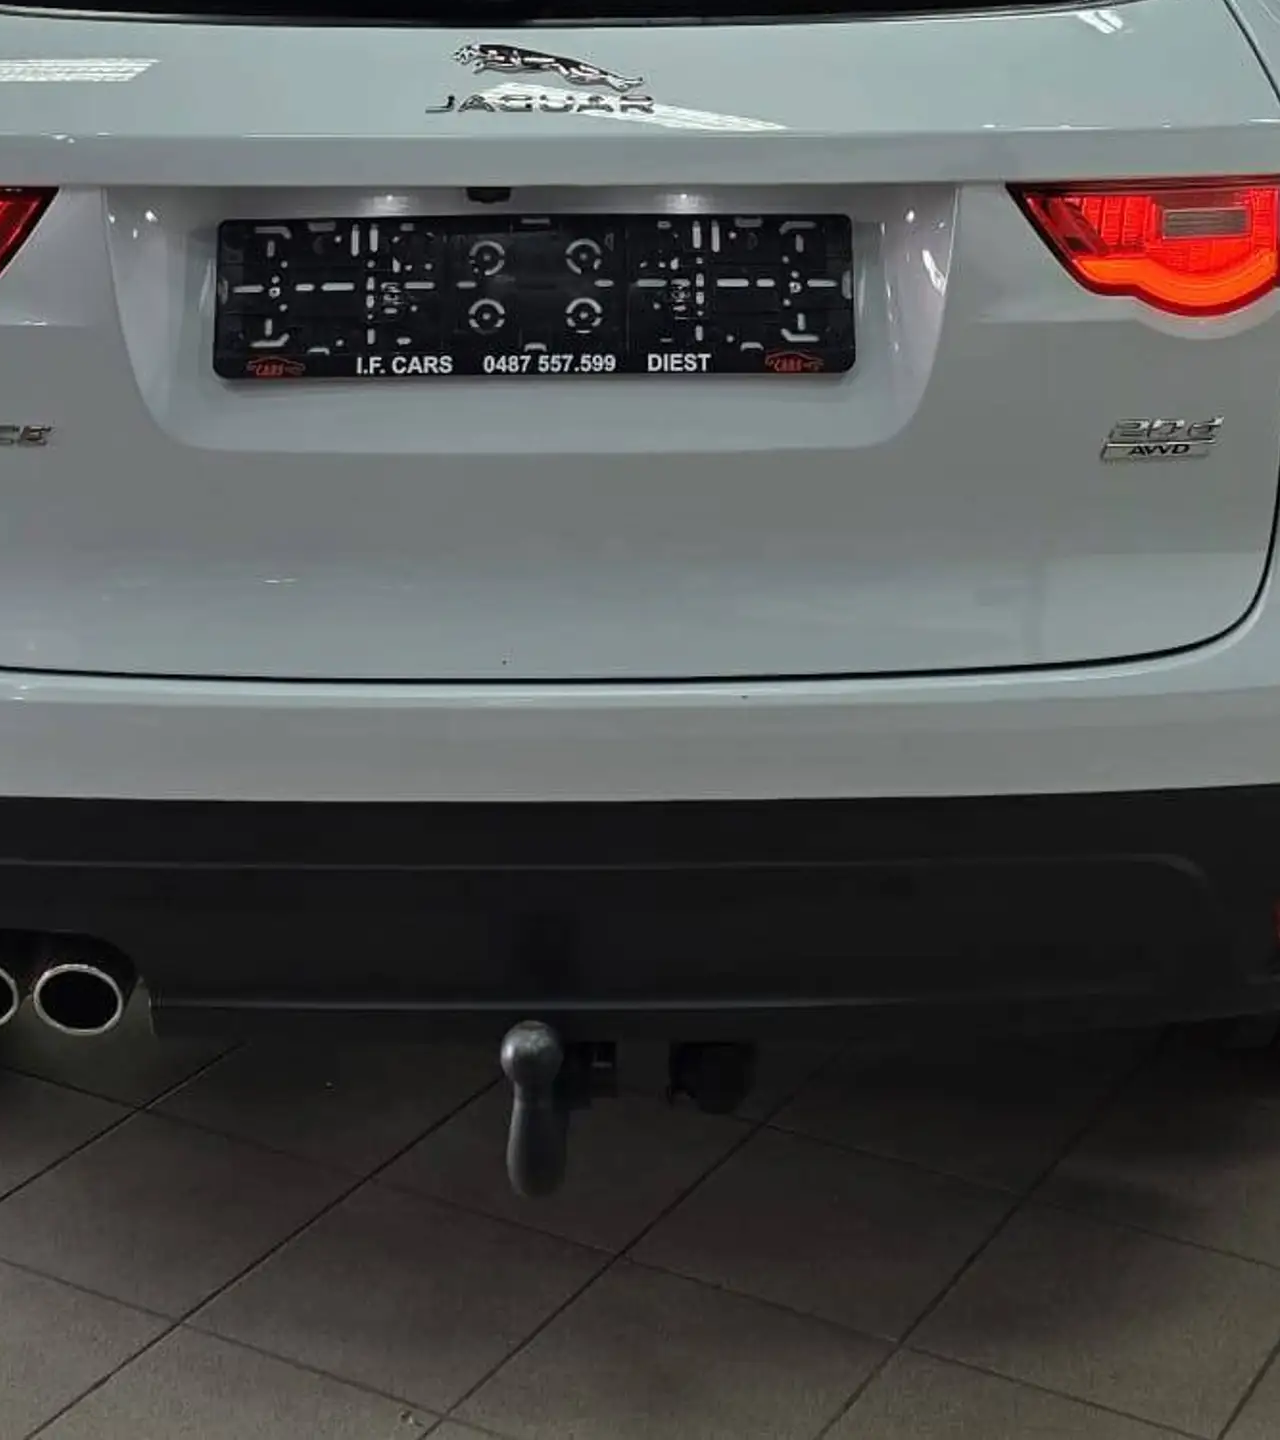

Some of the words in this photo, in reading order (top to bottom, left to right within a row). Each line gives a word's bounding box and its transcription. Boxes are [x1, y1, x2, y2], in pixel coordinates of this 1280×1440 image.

[425, 94, 655, 114] JAGUAR
[356, 357, 386, 375] I.F.
[392, 355, 453, 375] CARS
[483, 355, 531, 373] 0487
[538, 354, 616, 372] 557.599
[647, 353, 711, 372] DIEST
[1128, 443, 1191, 456] AWD

__WHAT YOU SHOULD DO__. Without including any pictures, print all of the material exactly as given.

__RESPONSE BELOW__.
Some of the words in this photo, in reading order (top to bottom, left to right within a row). Each line gives a word's bounding box and its transcription. Boxes are [x1, y1, x2, y2], in pixel coordinates of this 1280×1440 image.

[425, 94, 655, 114] JAGUAR
[356, 357, 386, 375] I.F.
[392, 355, 453, 375] CARS
[483, 355, 531, 373] 0487
[538, 354, 616, 372] 557.599
[647, 353, 711, 372] DIEST
[1128, 443, 1191, 456] AWD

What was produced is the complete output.